Pocos han observado más de cerca la devoción de Bill Gates a la medicina monopolística que James Love, fundador y director de Knowledge Ecology International, un grupo con sede en Washington, D.C. que estudia el amplio nexo de la política federal, la industria farmacéutica y la propiedad intelectual. El amor entró en el mundo de la política de salud pública global alrededor del mismo tiempo que Gates, y durante dos décadas lo ha visto escalar sus alturas mientras reforzaba el sistema responsable de los mismos problemas que dice estar tratando de resolver. La línea de referencia para Gates ha sido su compromiso inquebrantable con el derecho de las compañías farmacéuticas al control exclusivo sobre la ciencia médica y los mercados de sus productos.

«Las cosas podrían haber ido en cualquier dirección», dice Love, «pero Gates quería que se mantuvieran los derechos exclusivos. Actuó rápidamente para detener el impulso para compartir el conocimiento necesario para hacer los productos: el know-how, los datos, las líneas celulares, la transferencia de tecnología, la transparencia que es de importancia crítica de una docena de maneras. El enfoque de puesta en común representado por C-TAP incluyó todo eso. En lugar de respaldar esas primeras discusiones, corrió hacia adelante y señaló su apoyo a las cosas como de costumbre en materia de propiedad intelectual anunciando el ACT-Accelerator en marzo».

Mientras que las aproximadamente diez principales economías desarrolladas han reportado un éxito notable con sus programas de implementación de vacunas, incluidos los EE. UU., el Reino Unido, Israel y la UE, el resto del mundo ha tenido dificultades. Un año después, Gates & company no han logrado alcanzar su objetivo de proporcionar vacunas con descuento a la «quinta prioridad» de las poblaciones de bajos ingresos. Las compañías farmacéuticas y las naciones ricas que elogiaron la iniciativa hace un año han optado por llegar a acuerdos bilaterales que han impulsado una mentalidad de cada nación para sí misma.

«Los países de ingresos bajos y medianos están casi solos, y simplemente no hay mucho ahí fuera», dijo Peter Hotez, decano de la Escuela Nacional de Medicina Tropical de Houston. «A pesar de sus mejores esfuerzos, el modelo Gates y sus instituciones siguen dependiendo de la industria»

Como resultado, las naciones en desarrollo están luchando en el único lugar disponible para ellos: la OMC, donde se está gestando una batalla para abrir la tecnología de vacunas a las naciones en desarrollo, con Gates del lado de las corporaciones.

Esta falla del mercado fácilmente esperada, junto con el fracaso del C-TAP en lanzarlo, impulizó a los países en desarrollo a abrir un nuevo frente contra las barreras de propiedad intelectual en la Organización Mundial del Comercio.
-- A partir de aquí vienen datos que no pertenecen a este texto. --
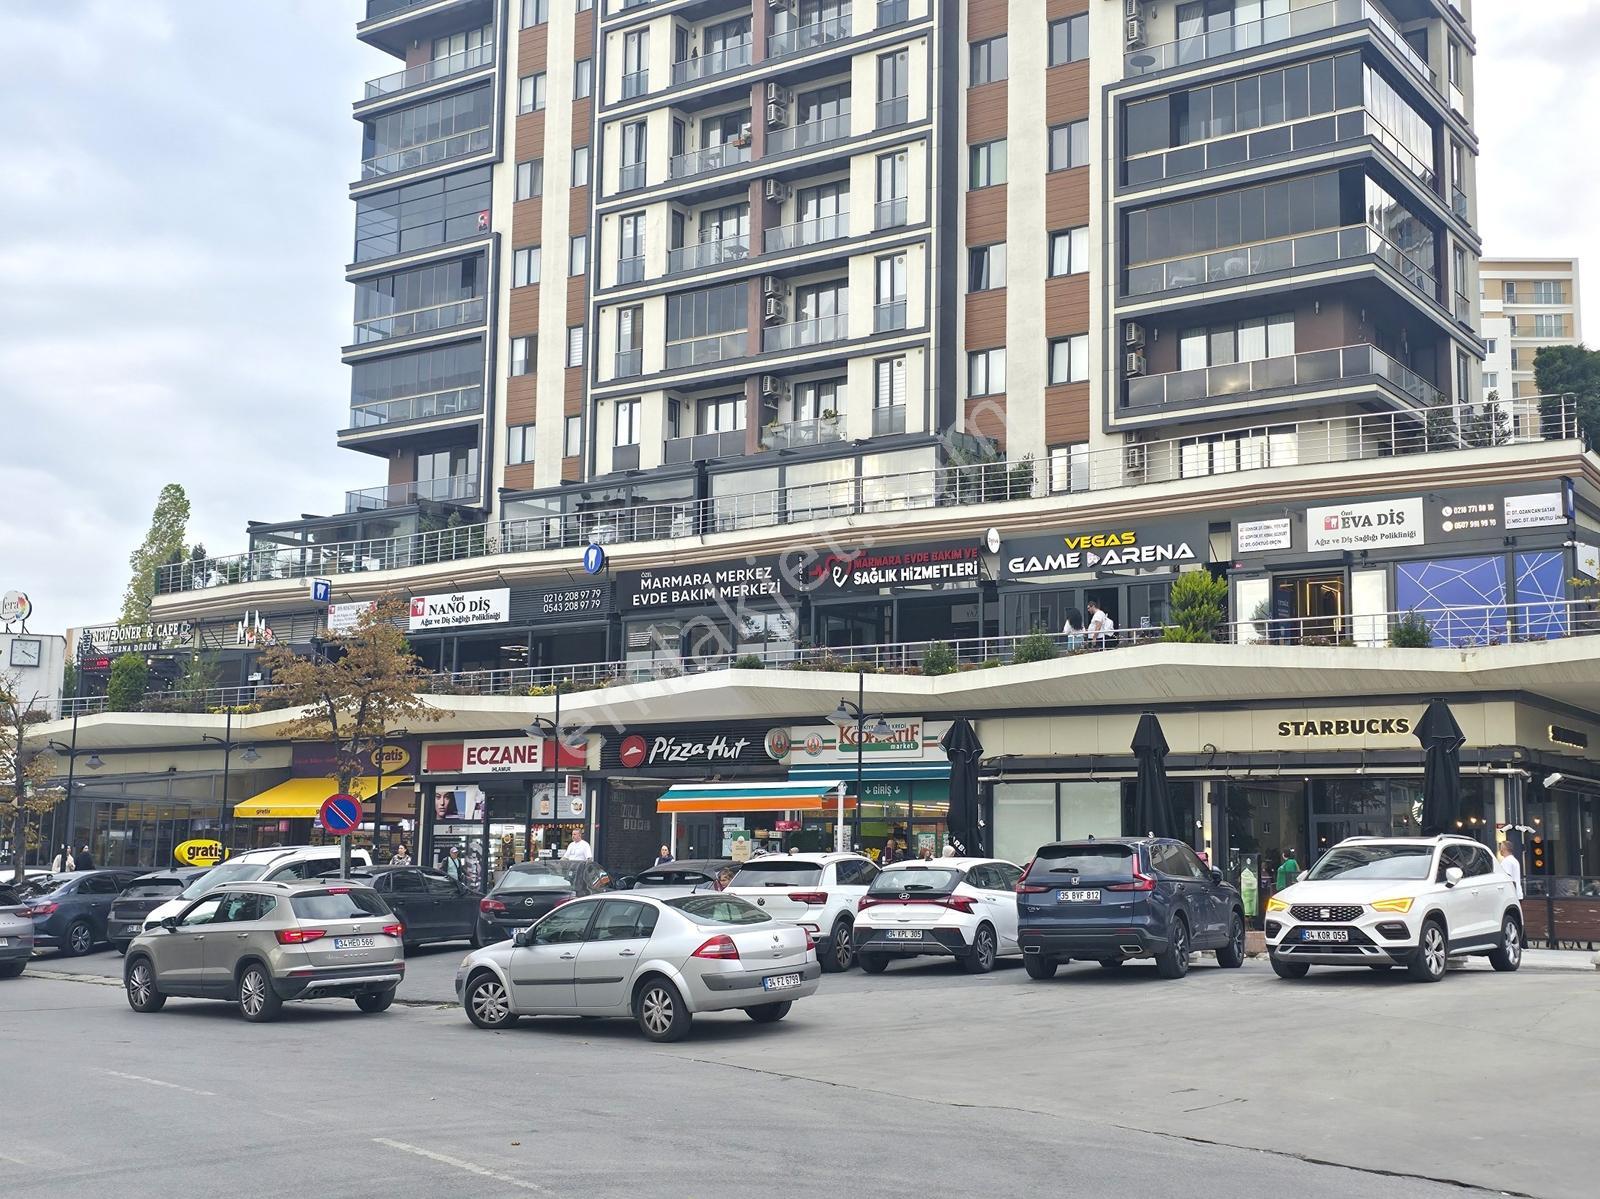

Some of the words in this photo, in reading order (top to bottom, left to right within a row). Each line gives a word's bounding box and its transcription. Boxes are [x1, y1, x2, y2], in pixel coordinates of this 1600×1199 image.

[1341, 515, 1373, 529] EVA
[1377, 508, 1405, 525] DİŞ
[1064, 531, 1136, 550] VEGAS
[1314, 538, 1330, 546] Ağız
[1341, 536, 1352, 544] Diş
[1354, 534, 1378, 542] Sağlığı
[1380, 530, 1416, 540] Polikliniği
[854, 555, 901, 569] MARMARA
[904, 552, 928, 563] EVDE
[932, 550, 962, 562] BAKIM
[964, 547, 978, 559] VE
[1008, 552, 1081, 574] GAME
[1100, 542, 1196, 566] ARENA
[640, 573, 712, 590] MARMARA
[716, 566, 772, 584] MERKEZ
[853, 567, 898, 586] SAĞLIK
[543, 593, 562, 603] 0216
[564, 592, 578, 601] 208
[579, 590, 590, 600] 97
[591, 589, 601, 598] 79
[632, 591, 668, 606] EVDE
[671, 587, 716, 603] BAKIM
[720, 578, 781, 598] MERKEZİ
[428, 601, 465, 616] NANO
[469, 596, 490, 613] DİŞ
[543, 603, 563, 613] 0543
[564, 602, 578, 611] 208
[579, 601, 590, 610] 97
[591, 600, 601, 608] 79
[420, 617, 433, 626] Ağız
[441, 616, 450, 624] Diş
[451, 614, 470, 625] Sağlığı
[471, 612, 501, 622] Polikliniği
[146, 623, 153, 638] &
[157, 623, 179, 637] CAFE
[134, 642, 158, 652] DÜRÜM
[1278, 718, 1410, 737] STARBUCKS
[375, 747, 403, 763] gratis
[466, 745, 538, 765] ECZANE
[649, 736, 705, 764] Pizza
[706, 735, 751, 761] Hut
[872, 784, 892, 797] GİRİŞ
[1061, 892, 1069, 900] 35
[361, 938, 374, 946] 566
[1306, 931, 1314, 940] 34
[1333, 931, 1346, 939] 055
[768, 977, 776, 987] 34
[777, 977, 784, 986] FZ
[785, 974, 799, 985] 6799
Desde octubre, el Consejo de Aspectos de los Derechos de Propiedad Intelectual relacionados con el Comercio de la OMC ha sido el centro de un dramático enfrentamiento norte-sur sobre los derechos para controlar el conocimiento, la tecnología y los mercados de las vacunas. Más de 100 países de ingresos bajos y medianos apoyan un llamado de la India y Sudáfrica para renunciar a ciertas disposiciones relacionadas con la propiedad intelectual Covid-19 mientras dure la pandemia. Aunque Gates y su organización no tienen una posición oficial sobre el debate que agita la OMC, Gates y sus adjuntos han dejado pocas dudas sobre su oposición a la propuesta de exención. Al igual que lo hizo después del lanzamiento del C-TAP de la OMS, Gates ha elegido apoyar a las compañías farmacéuticas y a sus patrocinadores del gobierno.

La historia del dominio de Gates del despliegue mundial de vacunas nos lleva de vuelta a una historia que compartimos el verano pasado, después de que Columbia Journalism Review iluminara una luz incómoda sobre la influencia que Gates y la Fundación Gates ejercen sobre la prensa occidental.

Pocos multimillonarios son más expertos en administrar su reputación, y la reputación de sus organizaciones, que Bill Gates. Logró convencer al mundo de que se estaba asociando con la OMS para ampliar el acceso a las vacunas al mundo en desarrollo. En cambio, literalmente se interpone en el camino de compartir tecnología que podría salvar cientos de miles de vidas.